| WHAT YOU SHOULD DO |
Transcribe each record word for word. Skip the images.

[Images for object localization]
^^^^^^^^

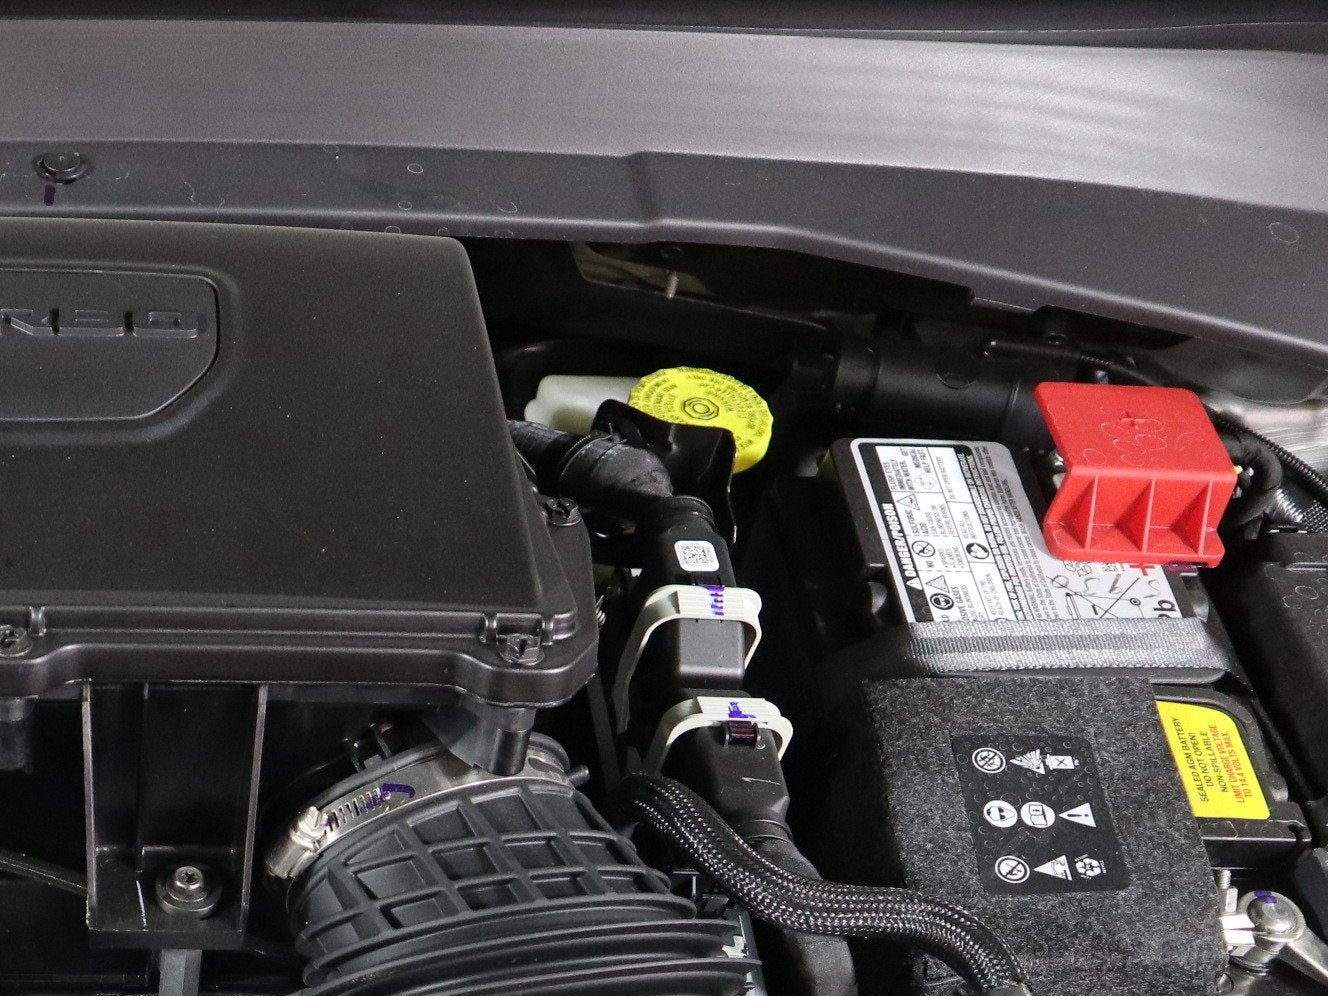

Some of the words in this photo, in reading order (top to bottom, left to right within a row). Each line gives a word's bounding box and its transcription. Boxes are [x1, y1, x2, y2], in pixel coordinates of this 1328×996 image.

[881, 503, 916, 576] DANGER/POISON
[1170, 717, 1190, 750] BATTERY
[1187, 732, 1203, 755] OPEN!
[1208, 724, 1226, 753] VOLTAGE
[1183, 752, 1197, 769] AGM
[1196, 758, 1209, 773] NOT
[1199, 731, 1228, 791] NON-SPILLABLE
[1219, 756, 1237, 782] CHARGE
[1227, 750, 1242, 769] VOLTS
[1190, 771, 1209, 801] SEALED
[1203, 775, 1214, 786] DO
[1236, 772, 1248, 786] 14.4
[1231, 785, 1245, 802] LIMIT
[1242, 788, 1252, 797] TO

^^^^^^^^

| EXPECTED OUTPUT |
Some of the words in this photo, in reading order (top to bottom, left to right within a row). Each line gives a word's bounding box and its transcription. Boxes are [x1, y1, x2, y2], in pixel coordinates of this 1328×996 image.

[881, 503, 916, 576] DANGER/POISON
[1170, 717, 1190, 750] BATTERY
[1187, 732, 1203, 755] OPEN!
[1208, 724, 1226, 753] VOLTAGE
[1183, 752, 1197, 769] AGM
[1196, 758, 1209, 773] NOT
[1199, 731, 1228, 791] NON-SPILLABLE
[1219, 756, 1237, 782] CHARGE
[1227, 750, 1242, 769] VOLTS
[1190, 771, 1209, 801] SEALED
[1203, 775, 1214, 786] DO
[1236, 772, 1248, 786] 14.4
[1231, 785, 1245, 802] LIMIT
[1242, 788, 1252, 797] TO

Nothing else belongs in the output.